01/04/2014 10:00 EDT | Actualisé 01/06/2014 05:12 EDT

La CIA aurait induit en erreur le gouvernement américain à plusieurs reprises sur la sévérité et l'efficacité de ses méthodes d'interrogatoire, selon un rapport de la commission de Renseignement du Sénat américain sur les renseignements dévoilé par le Washington Post.

L'agence de renseignement américaine aurait plaidé au Département de la Justice et au Congrès que l'utilisation de techniques d'interrogatoires controversées était nécessaire pour obtenir des informations que les suspects ne divulgueraient pas autrement.

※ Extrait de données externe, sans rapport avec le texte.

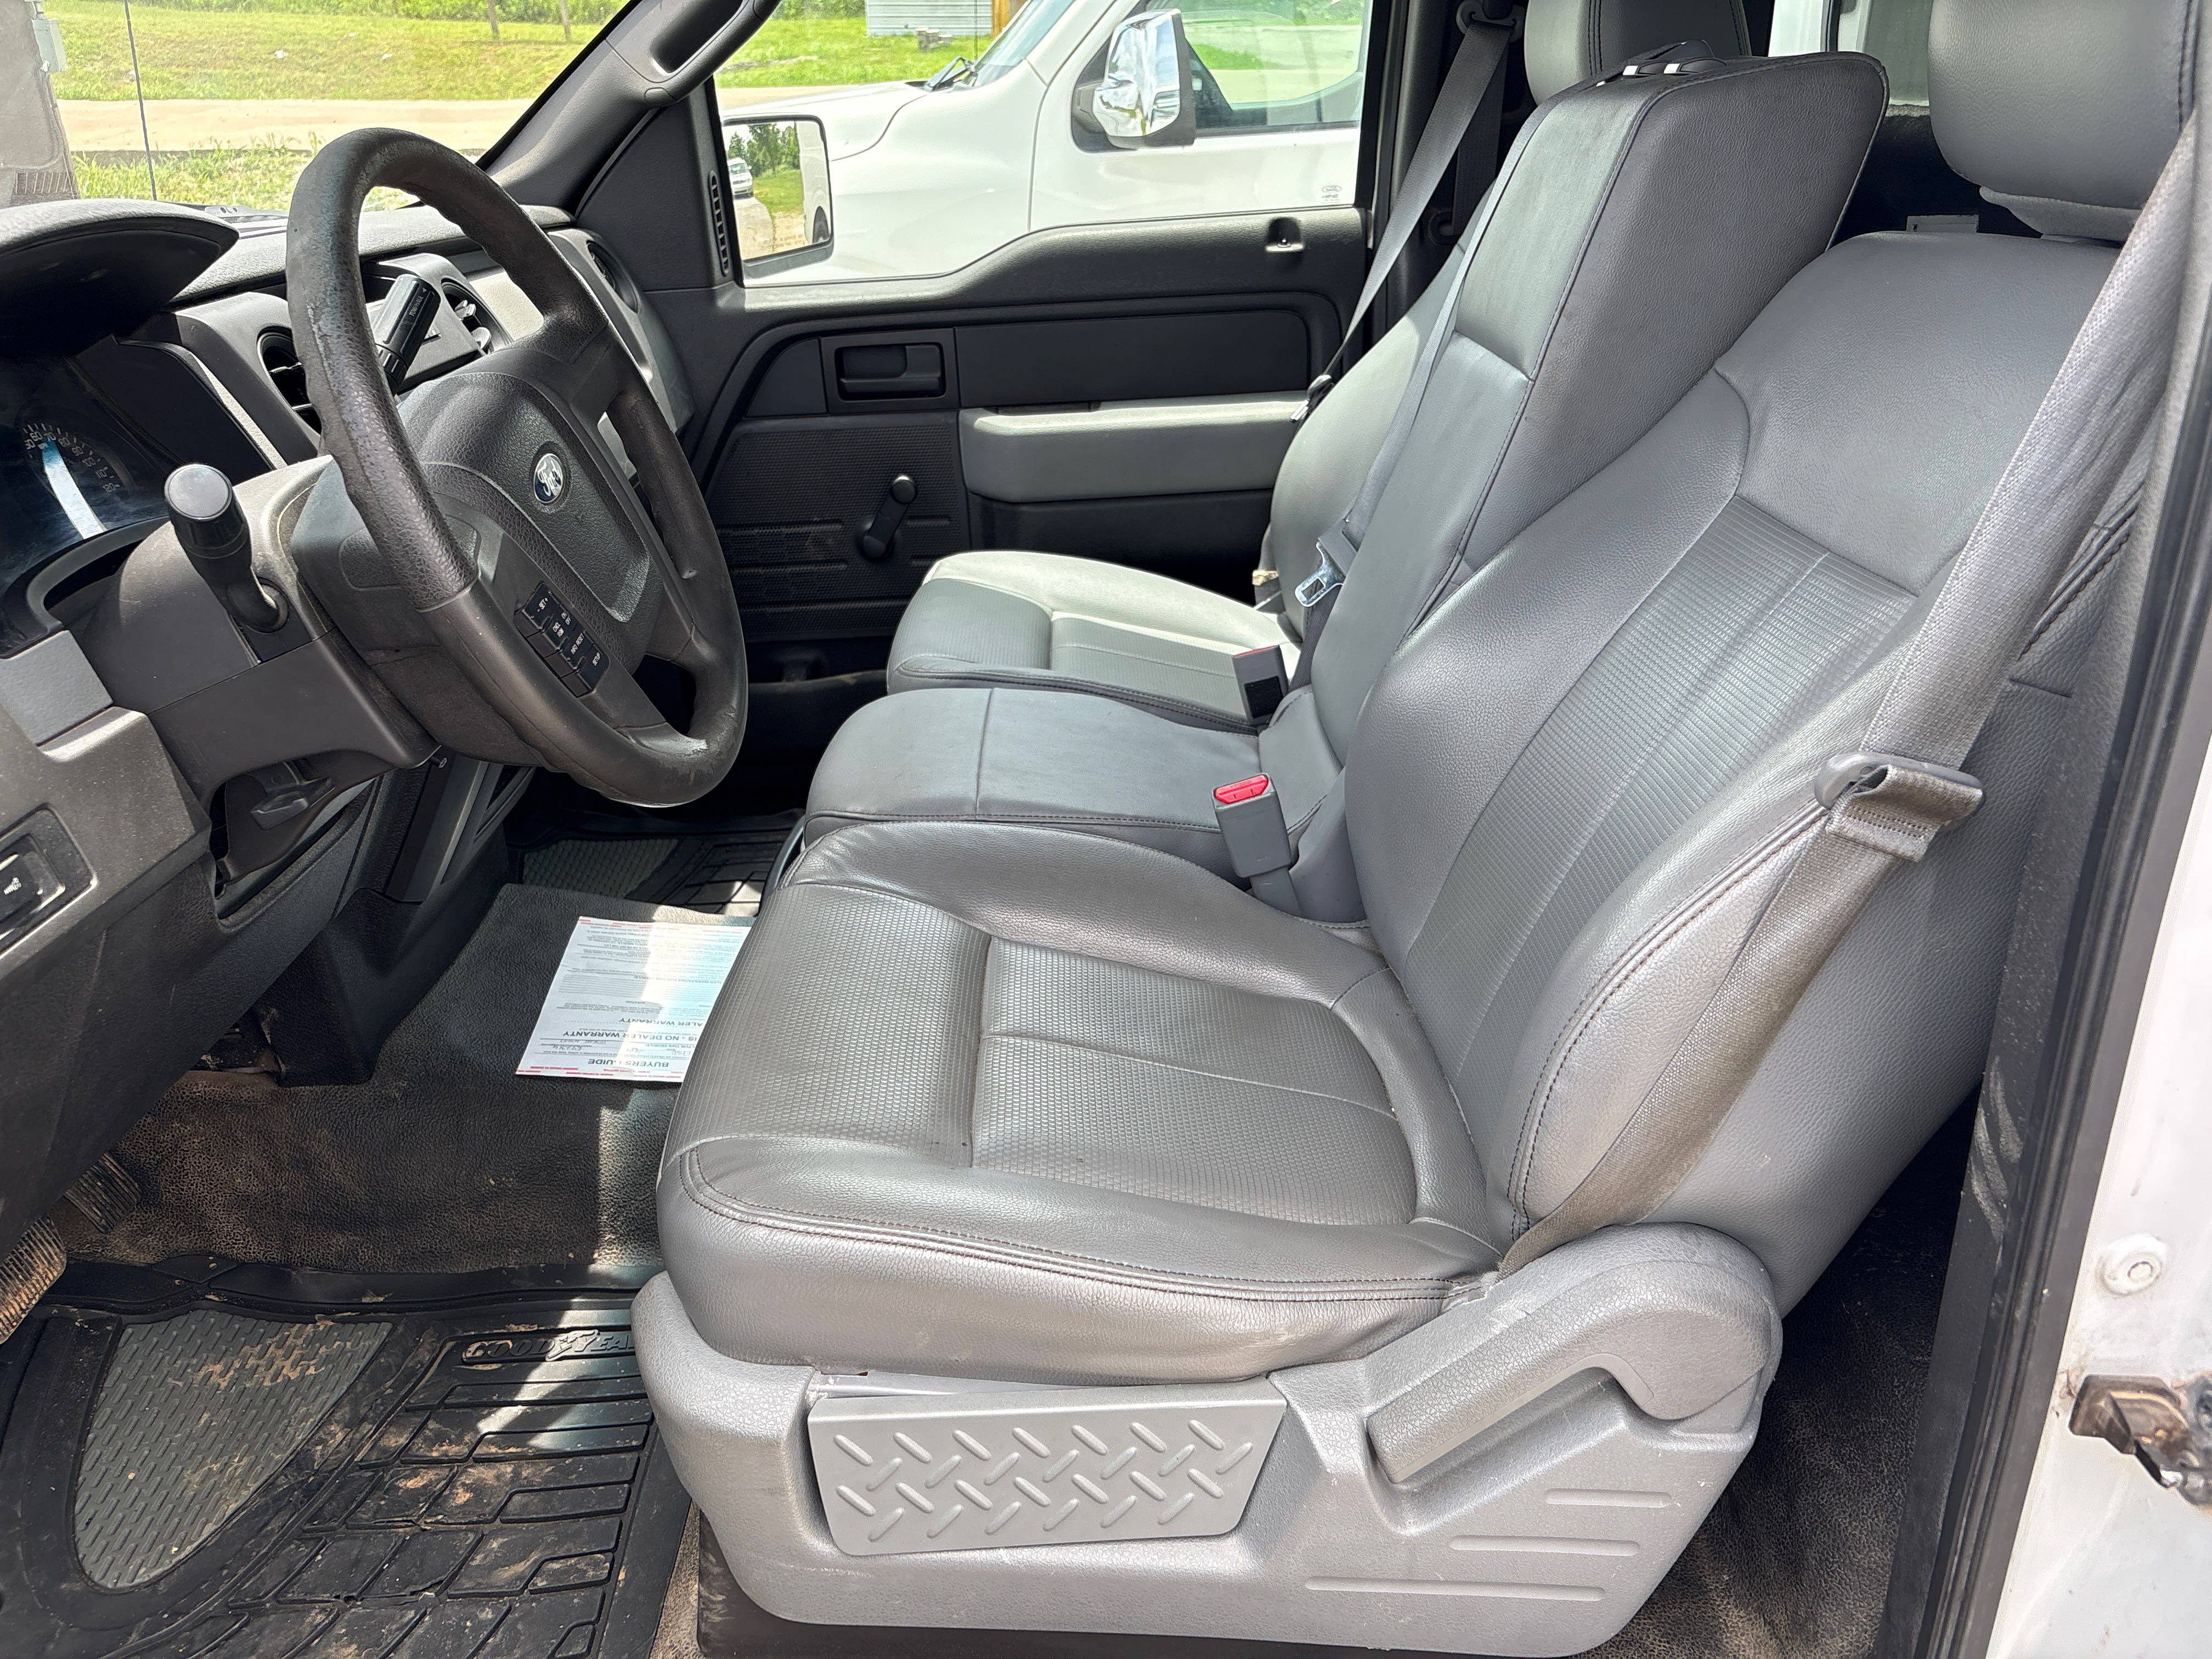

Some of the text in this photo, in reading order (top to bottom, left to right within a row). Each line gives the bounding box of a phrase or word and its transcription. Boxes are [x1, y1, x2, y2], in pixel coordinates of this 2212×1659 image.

La CIA affirmait que ces renseignements permettraient de « sauver des milliers de vies ». Or, selon le rapport du Sénat, qui totalise 6300 pages, ces arguments ne sont pas fondés.

En fait, l'agence continuait d'utiliser ces méthodes d'interrogatoire musclées s'apparentant à la torture même lorsque les suspects n'avaient plus de renseignements à donner. Entre autres, les agents de la CIA plongeaient les présumés terroristes dans de l'eau glacée ou frappaient leurs têtes sur les murs afin d'obtenir de l'information.

La peur du terrorisme

Ces nouvelles techniques d'interrogatoire avaient été introduites par l'administration de l'ancien président républicain George Bush, quelques mois après les attentats du 11 septembre 2001. À cette époque, les Américains craignaient une seconde attaque terroriste.

La CIA a arrêté et détenu dans des « sites noirs », les prisons secrètes, des dizaines de prisonniers soupçonnés d'avoir des liens avec Al-Qaïda. Les techniques violentes de la CIA avaient été révélées en 2009 et condamnées par le nouveau président de l'époque, Barack Obama. 

La sénatrice démocrate Dianne Feinstein, présidente du Comité du Sénat sur le renseignement, avait déjà déploré que les méthodes controversées de la CIA n'aient pas été utiles dans la traque contre Oussama ben Laden, assassiné par l'armée américaine en 2011.

La CIA n'a pas voulu commenter le rapport puisqu'elle ne l'a pas encore consulté.

Toutefois, des agents de la CIA interrogés par le Washington Post avancent que le rapport du Sénat contiendrait des erreurs factuelles importantes.